“Looking for a set of wheels? We can beat all them deals. Great is how you’re gonna feel. We’ve got the cars that have appeal. Come on down to Dave’s, let’s make a deal. You’d better believe it! Leary Chevrolet, Route 9-W, just South of
Newbergh. You’d better believe it!”
The above is an example of some of the completely useless
information I have stuck in my head. It
is a commercial jingle I heard when I was eight years old, and we were living
in New York. It’s no wonder I try to sign my maiden name
on checks half the time. I can’t concentrate
worth a damn. And here are some of the
reasons why.
I know the lyrics to entirely too many hair band songs. I can’t remember my sister’s current address,
but I know every word to “Unskinny Bop.”
Though this information might one day prove useful at drunken karaoke,
these unintelligent and perverted lyrics are not something I want crowding my
brain anymore. And for some reason, I know every word to “I Want it that Way”
by the Backstreet Boys, even though I don’t recall making any effort whatsoever
to actually listen to the Backstreet Boys.
The lyrics to many “One Hit Wonders” are also stored in my cursed
cranium. “Baby Got Back,” “Ice Ice
Baby,” and “Mambo Number Five” are just a few of the offenders. “A little bit of Monica in my life, a little
bit of Erica by my side…” And yes. I meant to get that stuck in your head. If I must suffer, then so must everyone…
Naturally, when I want to know the lyrics to songs I
actually like, I can’t remember them to save my life. I have to look them up, and then I promptly
forget them.
I have also played the “Six Degrees of Kevin Bacon” game way
too much. It has permeated all forms of
entertainment for me. Do you know how
many actors they re-use in “Law and Order?” I do. I can identify them within seconds, along
with which versions and which episodes they starred in. I can even recognize actors from commercials
and link them to movies and TV shows.
Other than the fleeting and nerdy sense of accomplishment it gives me,
this information serves no practical purpose.

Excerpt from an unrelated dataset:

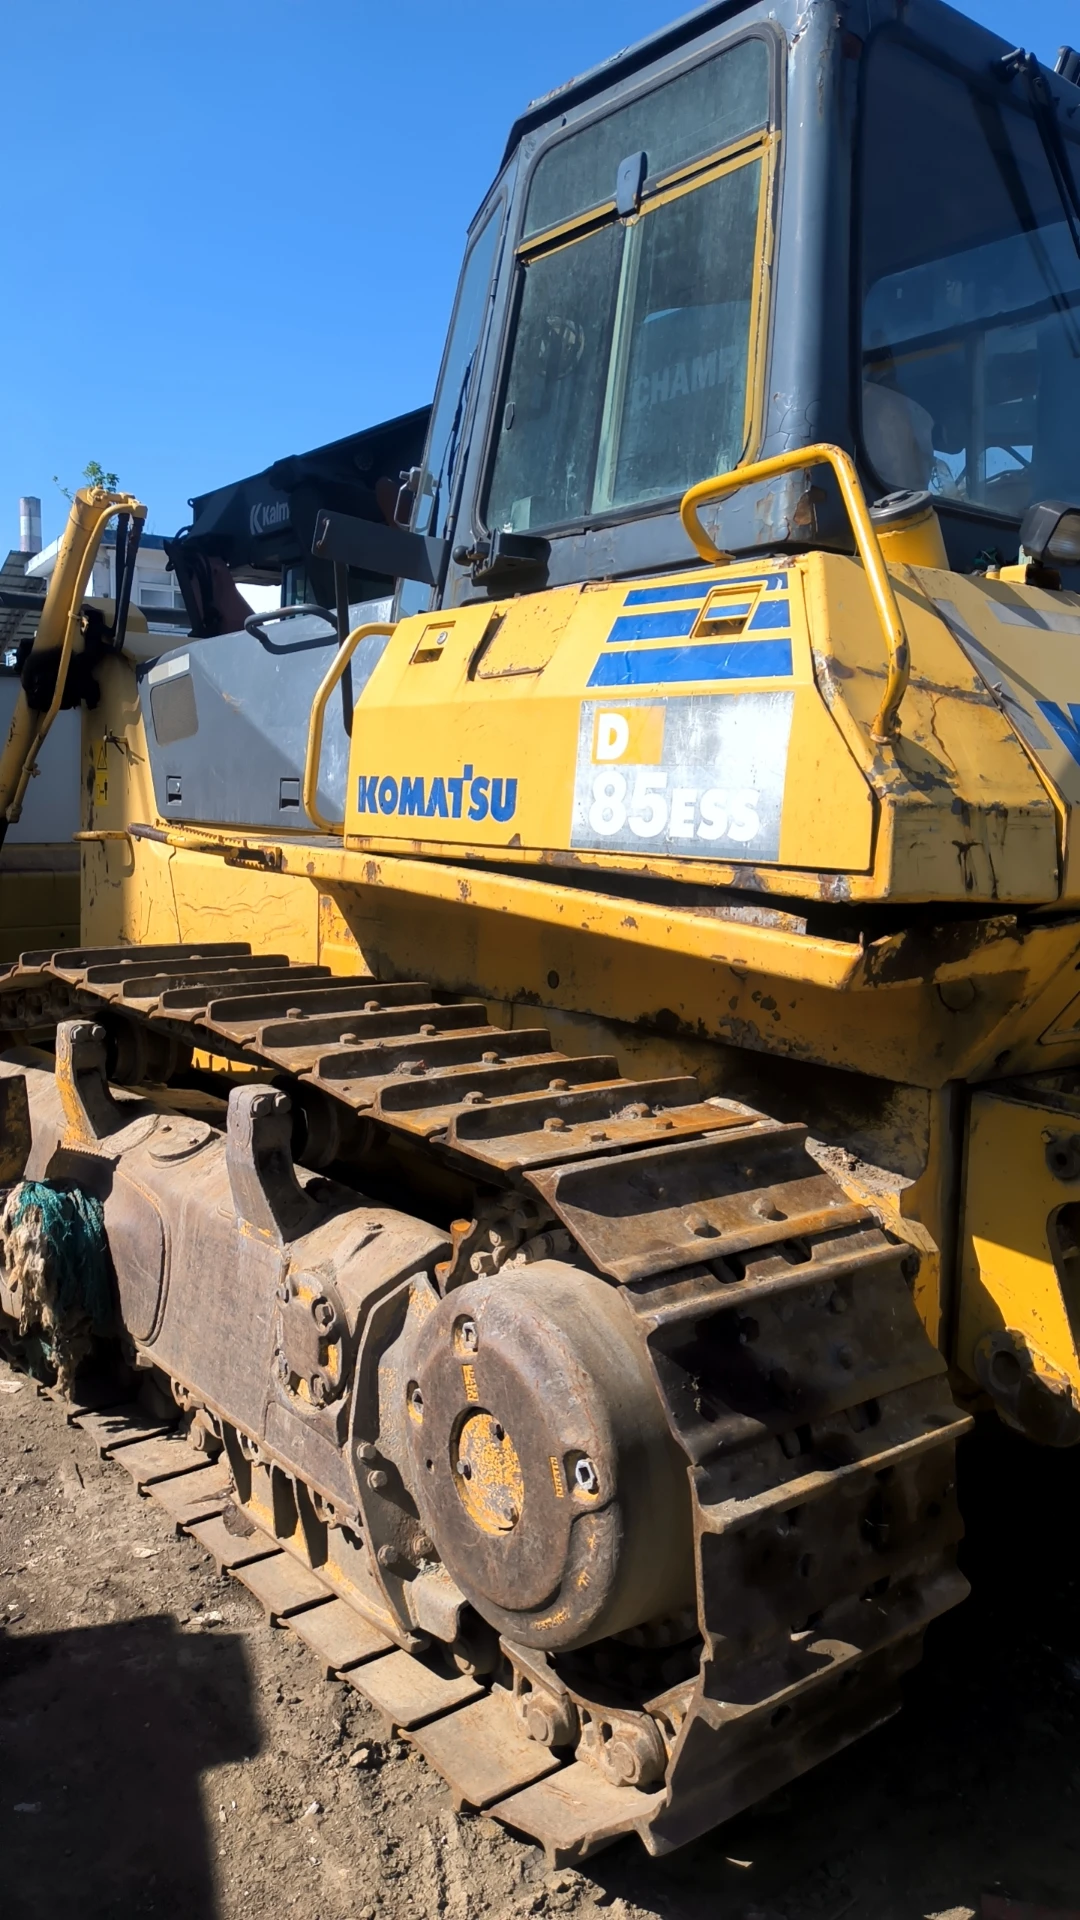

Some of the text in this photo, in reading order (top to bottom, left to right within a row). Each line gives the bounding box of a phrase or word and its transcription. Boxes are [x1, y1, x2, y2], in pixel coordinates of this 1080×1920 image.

[595, 713, 629, 760] D
[358, 764, 518, 822] KOMATSU
[588, 770, 761, 842] 85ESS

If I’m lost in the woods, the crickets and raccoons and vultures are not
going to be impressed that I can link Joe Piscopo and Kevin Bacon within two
steps. Since I have not managed to
retain even the most basic of survival skills, I will die of exposure or
dehydration or bear mauling, while deliriously reciting lines from
“Ghostbusters” or any of the other movies that I have memorized in their
entirety...
Then there are certain things I’d really rather not know:
some of the interesting but trivial tidbits I learned in college. Like the chemical composition of stars. And the many fun facts I retained from
Biology of Human Disease. Tetanus, and
tapeworms, and cysts, oh my! Not stuff
I really want to dwell on. Maybe I can
be on “Jeopardy!” one day. Until then, I
must endure the burden of such useless knowledge in silence.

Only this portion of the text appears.